Nova Net Lease REIT
Headnote
National Policy 11-203 Process for Exemptive Relief Applications in Multiple Jurisdictions -- Reporting issuer seeking relief from requirement under section 3.2 of NI 52-107 to permit the issuer to file financial statements of its primary tenant, Cloud Cannabis, prepared using US GAAP pursuant to an undertaking.
Applicable Legislative Provisions
National Instrument 52-107 Acceptable Accounting Principles and Auditing Standards, s. 3.2.

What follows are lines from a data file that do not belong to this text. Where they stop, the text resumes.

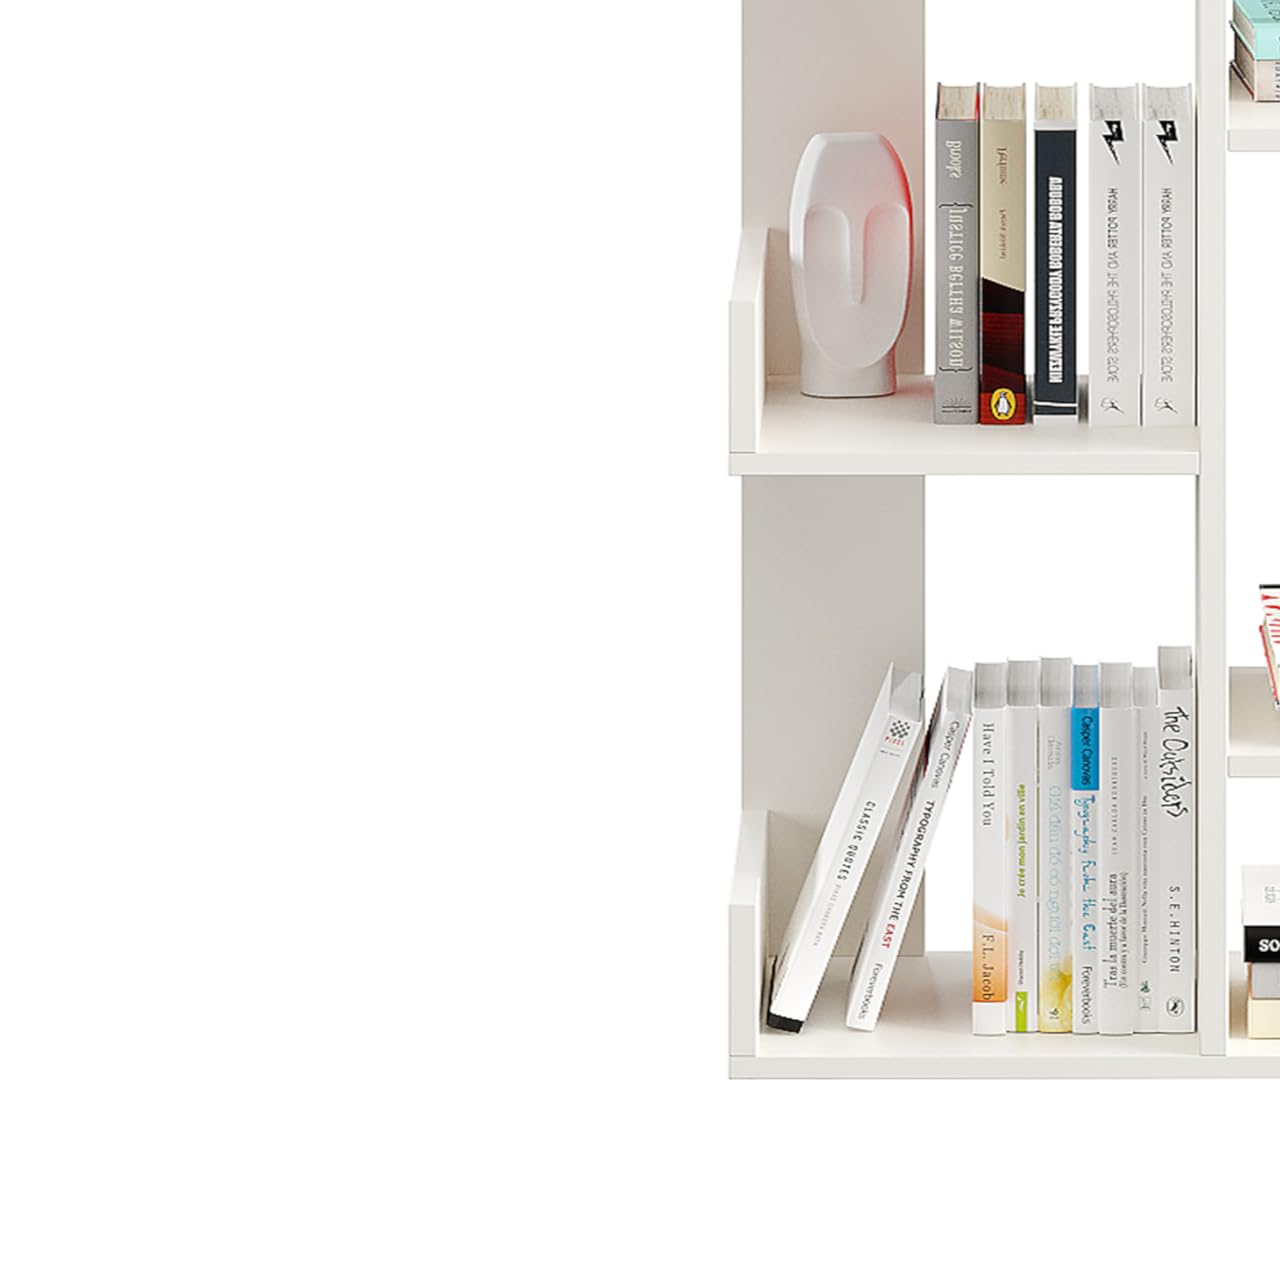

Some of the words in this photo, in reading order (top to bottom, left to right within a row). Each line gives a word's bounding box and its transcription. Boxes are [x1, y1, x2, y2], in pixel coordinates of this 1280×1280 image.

[1080, 715, 1095, 747] Casper
[1162, 706, 1190, 733] The
[982, 722, 996, 756] Have
[1081, 748, 1094, 787] Canovas
[1159, 739, 1192, 818] Outsiders
[982, 768, 997, 798] Told
[852, 800, 877, 842] CLASSIC
[982, 801, 996, 827] You
[903, 800, 936, 869] TYPOGRAPHY
[837, 844, 860, 882] QUOTES
[896, 869, 914, 899] FROM
[888, 902, 904, 921] THE
[1102, 898, 1118, 914] del
[881, 923, 897, 949] EAST
[981, 933, 996, 961] F.L.
[1102, 953, 1118, 964] la
[981, 963, 997, 1002] Jacob
[1103, 965, 1118, 989] Tras
[1080, 965, 1094, 1025] Foreverbooks

IN THE MATTER OF THE SECURITIES LEGISLATION OF ONTARIO (the "Principal Jurisdiction") AND IN THE MATTER OF THE PROCESS FOR EXEMPTIVE RELIEF APPLICATIONS IN MULTIPLE JURISDICTIONS AND IN THE MATTER OF NOVA NET LEASE REIT (the "Filer")
DECISION
Background
The securities regulatory authority or regulator in the Principal Jurisdiction has received an application from the Filer for a decision under the securities legislation of the Principal Jurisdiction (the "Legislation") that the Filer be exempt (the "Exemption Sought") from filing unaudited quarterly and audited annual financial statements ("Cloud Financial Statements") of a group of companies under common control comprising of Oak Hudson Pharma, LLC, Oak Flint, LLC, East Coastline, LLC, Pinebrook Warren, LLC and Family Brands, LLC, or such other entity that may come to own the aforementioned entities, (collectively "Cloud Cannabis") prepared in accordance with International Financial Reporting Standards ("IFRS"), as required under Sections 2.1(2)(e) and 3.2 of National Instrument 52-107 Acceptable Accounting Principles and Auditing Standards ("NI 52-107"), and, instead, allowing the Cloud Financial Statements to be prepared using United States Generally Accepted Accounting Principles ("US GAAP").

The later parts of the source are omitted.